● **Extracted entries**

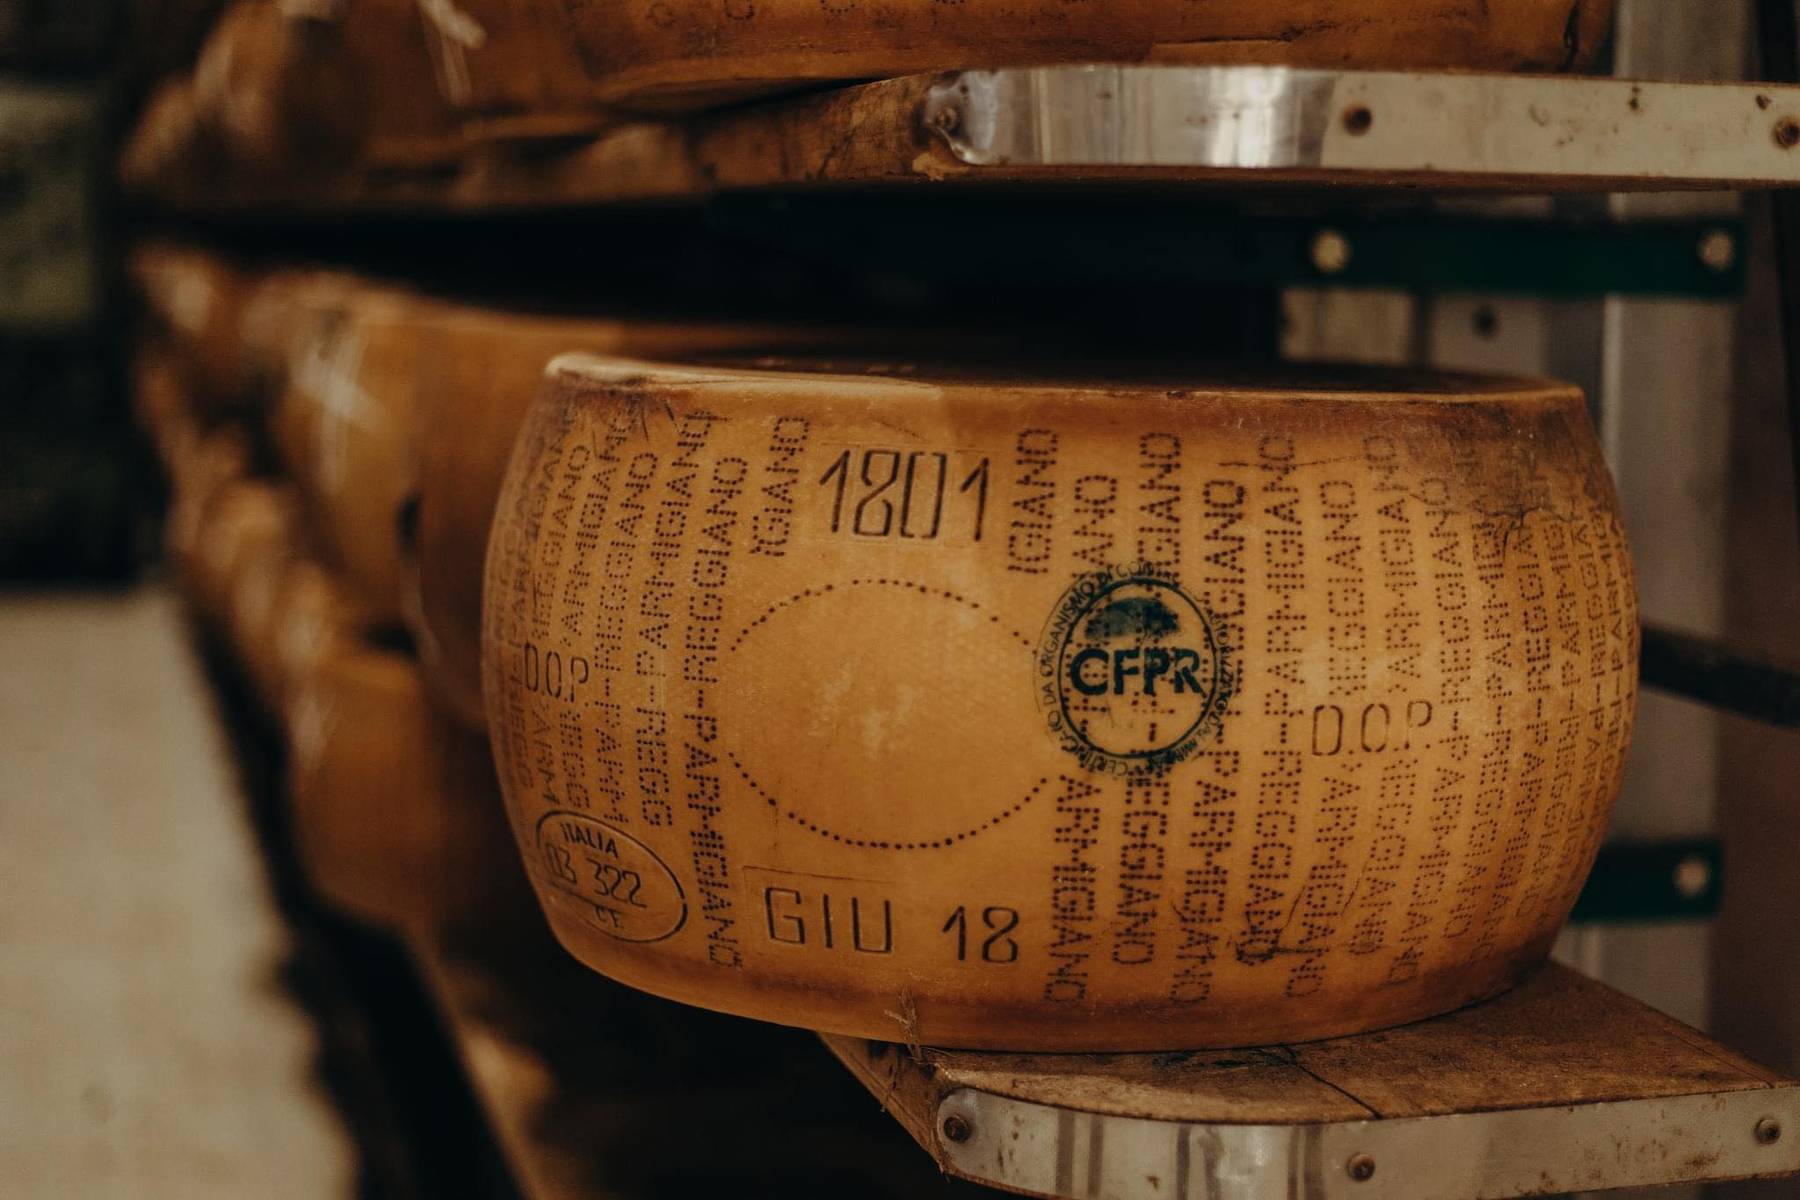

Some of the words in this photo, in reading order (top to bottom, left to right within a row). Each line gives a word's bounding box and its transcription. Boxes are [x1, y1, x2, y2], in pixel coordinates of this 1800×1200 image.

[594, 453, 658, 672] REGGIANO
[636, 411, 711, 678] PARMIGIANO
[684, 457, 748, 683] REGGIANO
[819, 450, 989, 542] 1801
[1070, 648, 1206, 695] CFPR
[587, 857, 648, 909] 322
[765, 886, 892, 955] GIU
[942, 905, 1020, 964] 18
[1043, 748, 1102, 1002] ARMIGIANO
[1111, 750, 1172, 966] EGGIANO
[1169, 751, 1238, 1004] PARMIGIANO
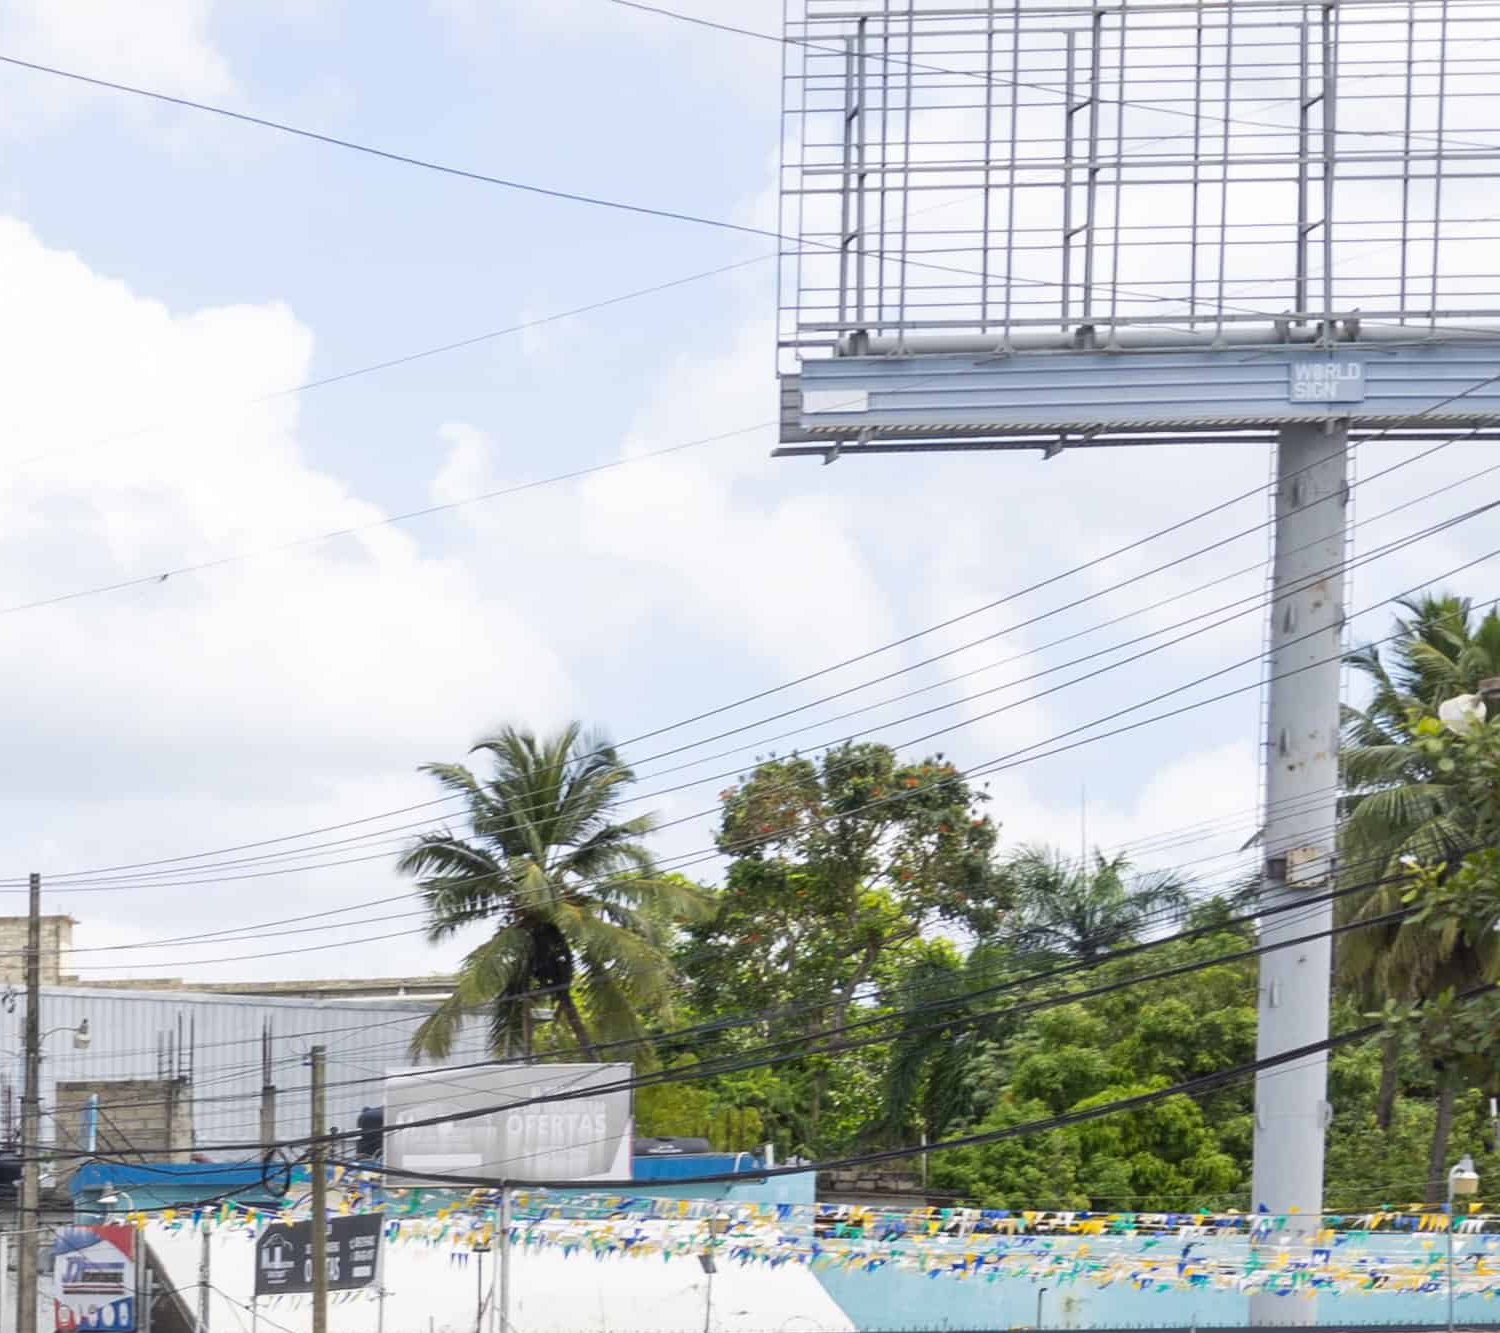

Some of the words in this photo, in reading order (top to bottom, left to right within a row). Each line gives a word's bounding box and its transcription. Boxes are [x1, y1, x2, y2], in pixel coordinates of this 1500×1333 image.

[1294, 362, 1361, 381] WORLD
[1293, 382, 1341, 400] SIGN
[505, 1113, 607, 1137] OFERTAS
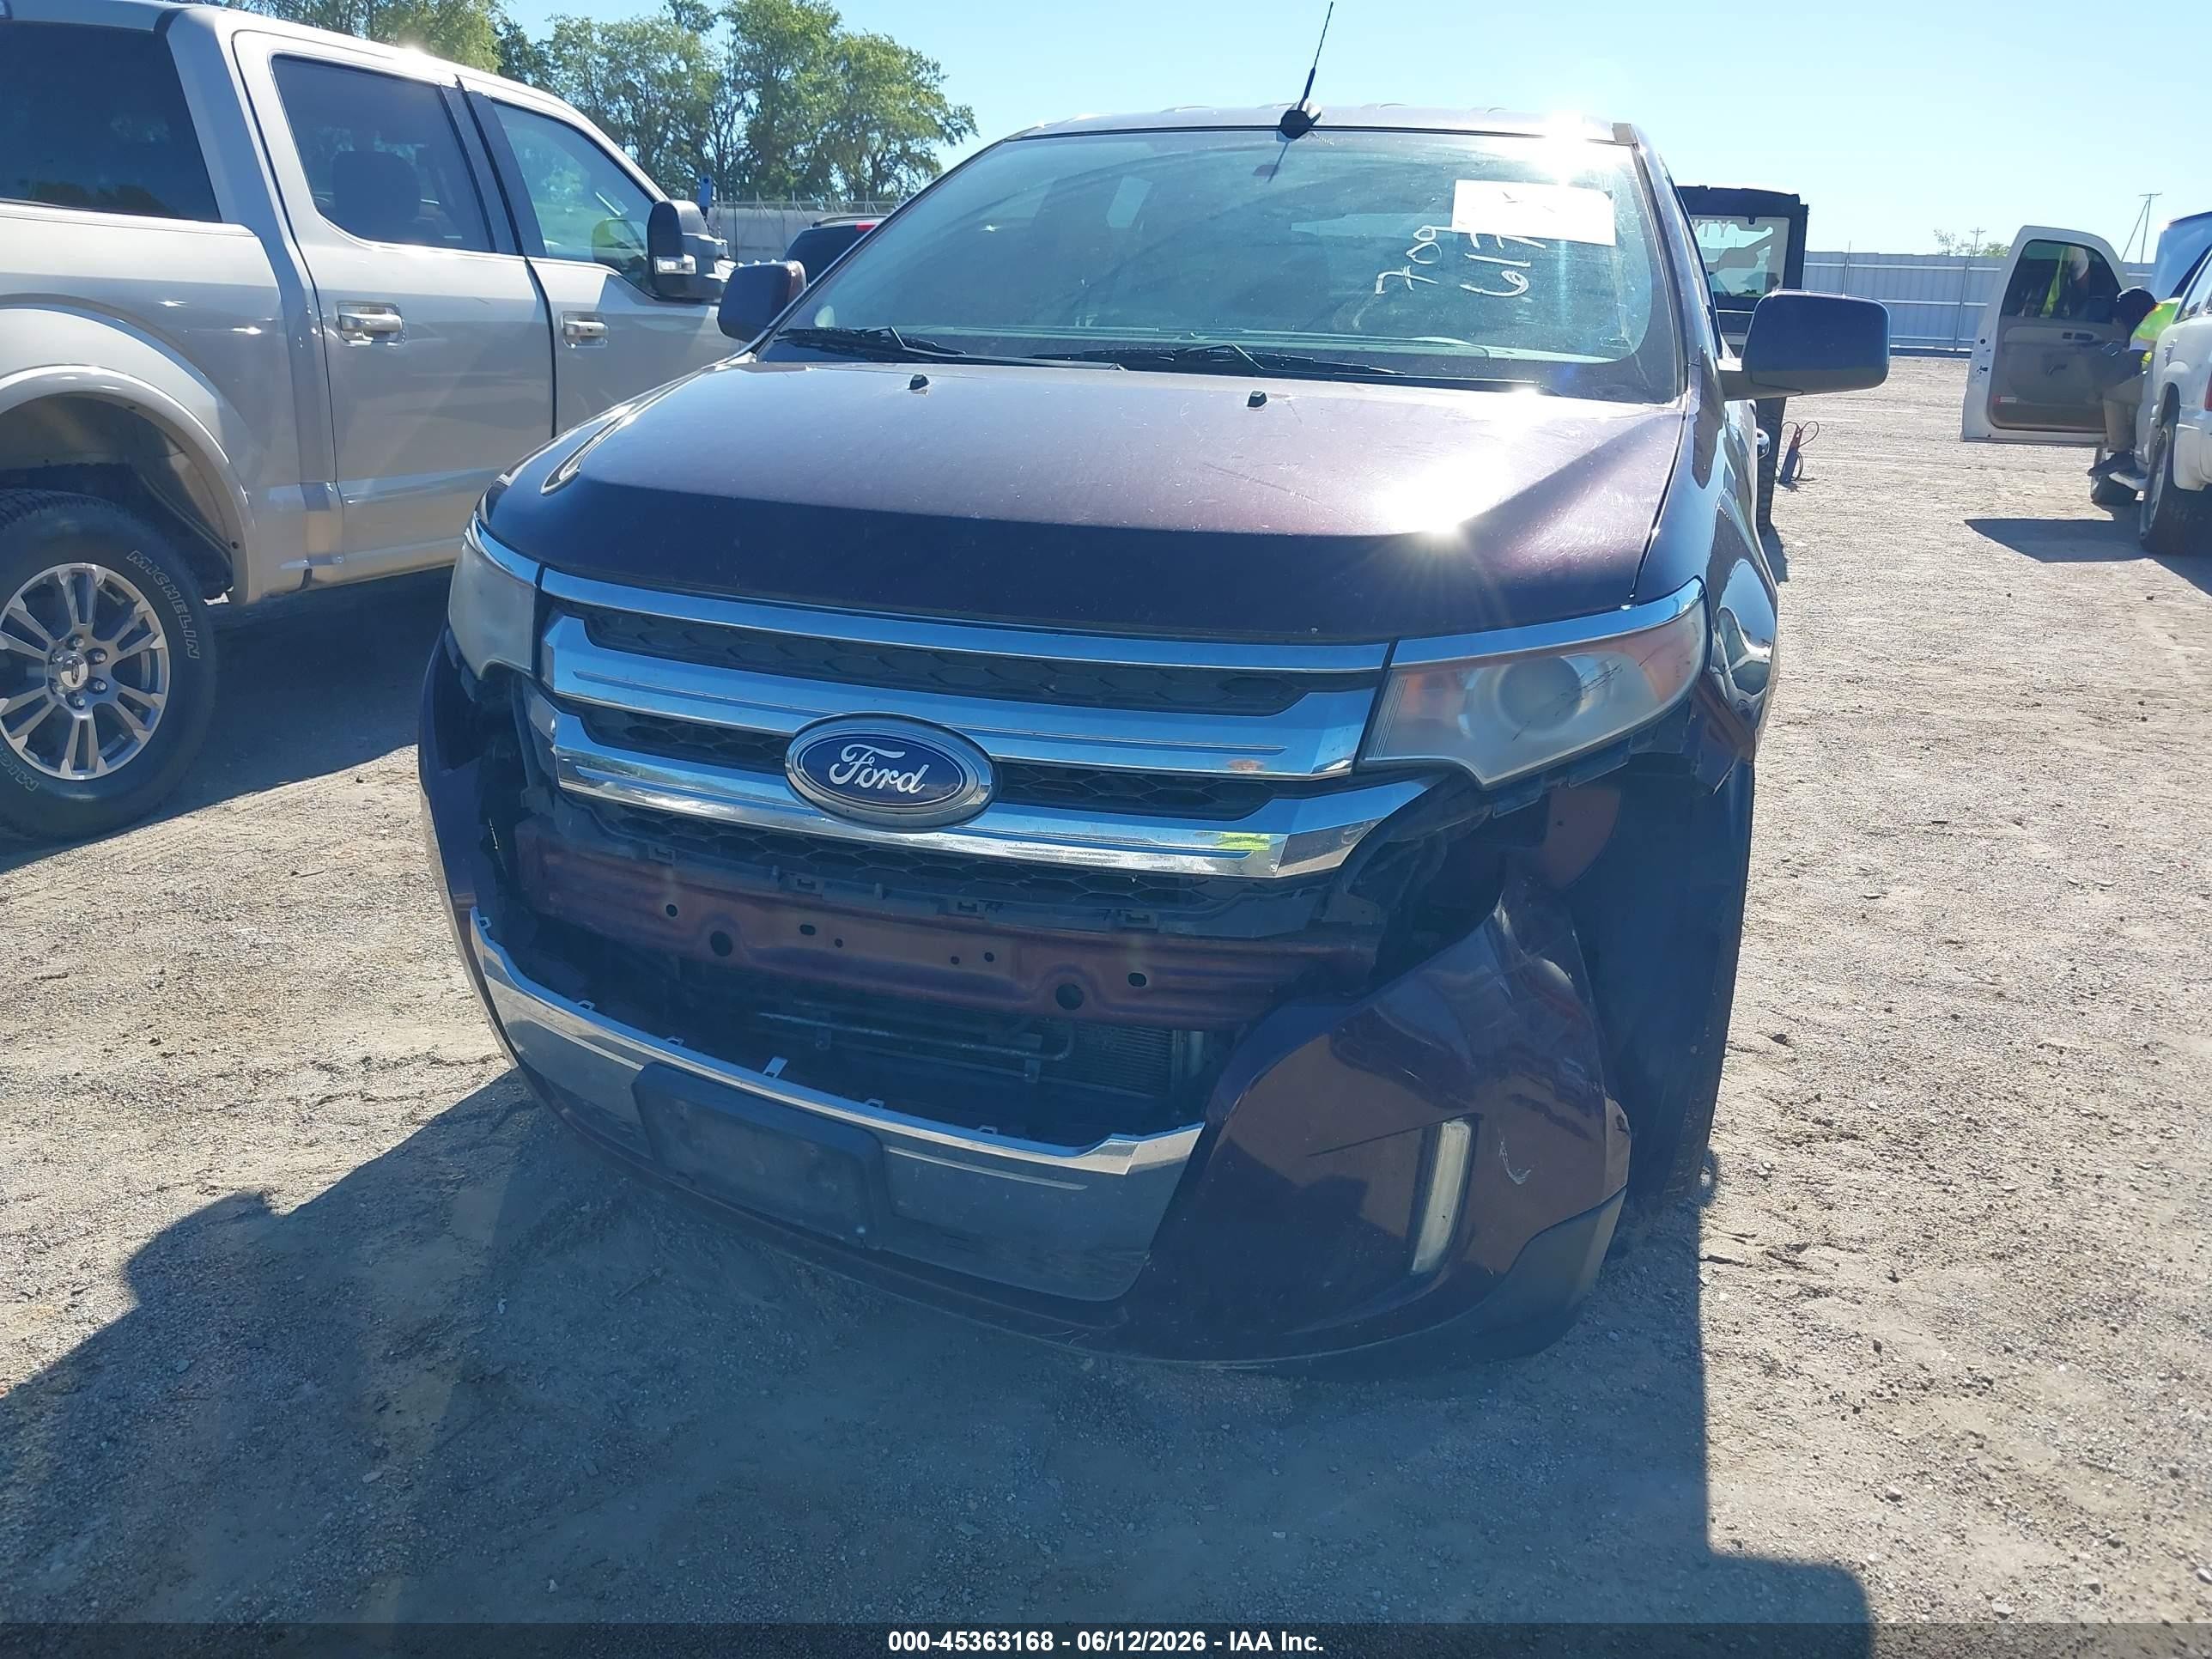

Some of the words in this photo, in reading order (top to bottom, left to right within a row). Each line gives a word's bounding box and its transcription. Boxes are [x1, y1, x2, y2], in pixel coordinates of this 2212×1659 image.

[1692, 220, 1732, 238] ITY
[1375, 225, 1453, 295] 709
[125, 550, 200, 659] MICHELIN
[0, 749, 40, 792] MIC
[829, 743, 929, 794] Ford

● **Requirement**
All of the records need to be reproduced exactly, with each picture omitted.

● **Solution for this problem**
Some of the words in this photo, in reading order (top to bottom, left to right within a row). Each line gives a word's bounding box and its transcription. Boxes are [x1, y1, x2, y2], in pixel coordinates of this 1800×1200 image.

[594, 453, 658, 672] REGGIANO
[636, 411, 711, 678] PARMIGIANO
[684, 457, 748, 683] REGGIANO
[819, 450, 989, 542] 1801
[1070, 648, 1206, 695] CFPR
[587, 857, 648, 909] 322
[765, 886, 892, 955] GIU
[942, 905, 1020, 964] 18
[1043, 748, 1102, 1002] ARMIGIANO
[1111, 750, 1172, 966] EGGIANO
[1169, 751, 1238, 1004] PARMIGIANO

Some of the words in this photo, in reading order (top to bottom, left to right within a row). Each line gives a word's bounding box and its transcription. Boxes are [x1, y1, x2, y2], in pixel coordinates of this 1500×1333 image.

[1294, 362, 1361, 381] WORLD
[1293, 382, 1341, 400] SIGN
[505, 1113, 607, 1137] OFERTAS

Some of the words in this photo, in reading order (top to bottom, left to right within a row). Each line gives a word's bounding box and its transcription. Boxes are [x1, y1, x2, y2], in pixel coordinates of this 2212×1659 image.

[1692, 220, 1732, 238] ITY
[1375, 225, 1453, 295] 709
[125, 550, 200, 659] MICHELIN
[0, 749, 40, 792] MIC
[829, 743, 929, 794] Ford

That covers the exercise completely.